Pond Prep Begins for 2013 Crawfish Harvest!

crawfish for stock

By Patrick Bonin

Heading into May, crawfish season is going strong, but preparations are already underway to make sure next year’s mudbug crop will keep folks busy pinching tails in 2013.

At Frugé Aquafarms in Branch, La., the process of stocking mature crawfish into next year’s ponds is just about to begin. The farm operates on 2,400 acres, with half producing rice and half producing crawfish in a typical year.

That means 1,200 acres of freshly planted rice fields are just about ready to accept the breeding stock of crawfish which will mature into next year’s mudbug crop. (Rice typically grows in flooded fields, which work out well for simultaneous crawfish production.)

“We planted rice in March, and it’s about 12 to 18 inches tall now, which is high enough to keep the water in those ponds cool,” said Mark Frugé, co-owner of Frugé Aquafarms. “Crawfish can’t survive if the water temperature gets too hot. At this time of year, they’re genetically programmed to start breeding and burrowing. It works out well because the crawfish are just about ready to go into the ground, and the rice is ready to accept them.”

On average, the ponds are seeded with about 50 pounds of mature red swamp crawfish per acre. At Frugé Aquafarms, that translates into about 60,000 pounds of crawfish necessary to stock all of the ponds for next year’s crop!

“Typically we use smaller mature crawfish to stock,” he said. “The smaller crawfish are not only harder to market, but you get more animals per pound, so that gives us a better percentage of stocking success.”

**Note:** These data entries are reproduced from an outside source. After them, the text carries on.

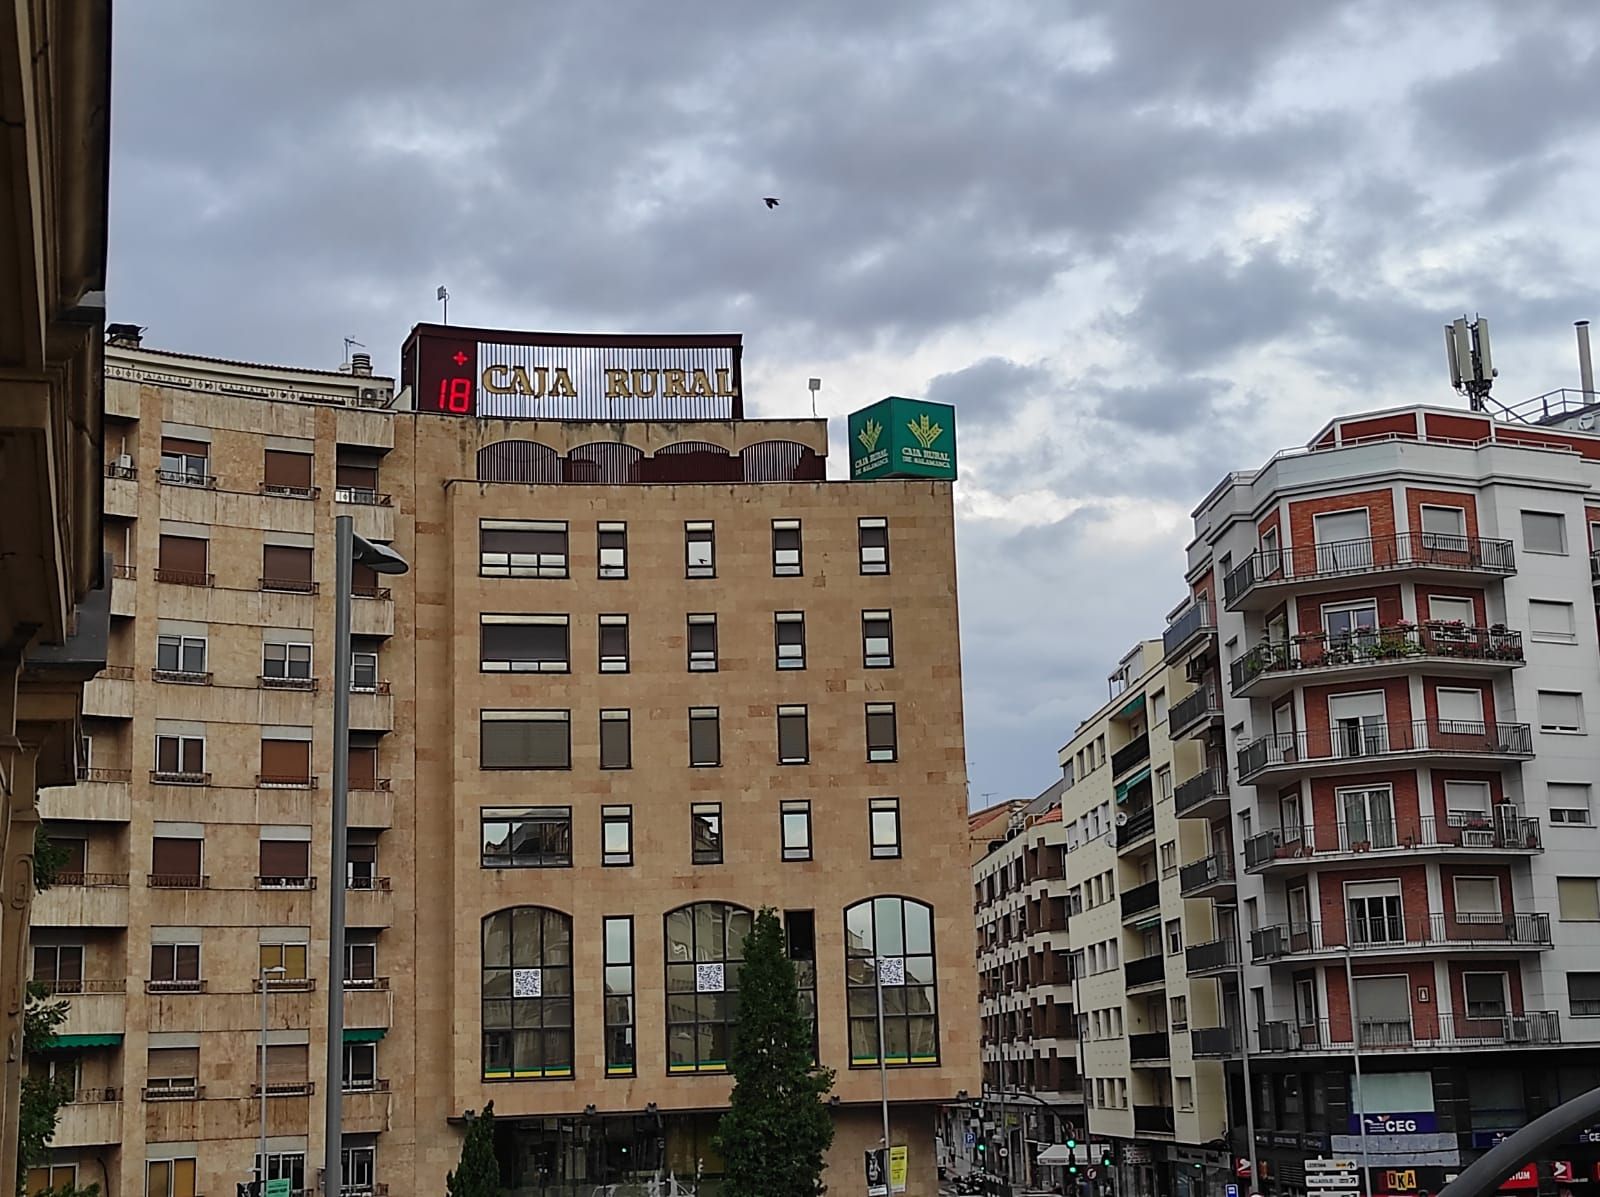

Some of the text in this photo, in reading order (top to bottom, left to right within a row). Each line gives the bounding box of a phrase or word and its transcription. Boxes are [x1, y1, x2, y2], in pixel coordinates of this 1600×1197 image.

[481, 364, 739, 399] CAJA RURAL
[439, 377, 471, 413] 18
[854, 448, 889, 469] CAJA RURAL
[902, 447, 951, 462] CAJA RURAL
[1385, 1120, 1417, 1133] CEG

At the farm’s wholesale dock each afternoon, smaller crawfish that were harvested in the morning are sacked and then released along the levees of next year’s ponds that same afternoon. Over the next several weeks, all of the ponds will gradually receive the crawfish they need to create the 2013 crop. And even though they might be small, the crawfish are mature and can reproduce.

“At this time of year, all of the crawfish we catch are mature, whereas a month ago, it was a smaller percentage,” Mark said. “They’re converting to a reproductive mode right now. When they’re introduced into the new ponds, they’ll move around a bit and then start burrowing.”

After they breed, burrowing allows the crawfish to escape the heat of summer and also stay out of harm’s way during harvesting of the rice crop.

“When the rice matures around mid-July, we will release the water from the fields and dry them out,” Mark said. “The rice harvest typically starts in the first week of August. “

After the rice harvest is completed, any necessary levee repairs are completed before re-flooding the rice stubble in late September.

“That water draws them up out of their burrows, and provides the baby crawfish with an excellent food source and ideal growing conditions in the cooler fall months,” he said. “They’ll be ready for harvest when crawfish season starts back up next January. Then we’ll start the whole process all over again.”

So enjoy the rest of this year’s season – there’s still plenty of great crawfish to be had in the coming weeks. But rest assured we’re already hard at work to make 2013 a banner year for crawfish lovers everywhere!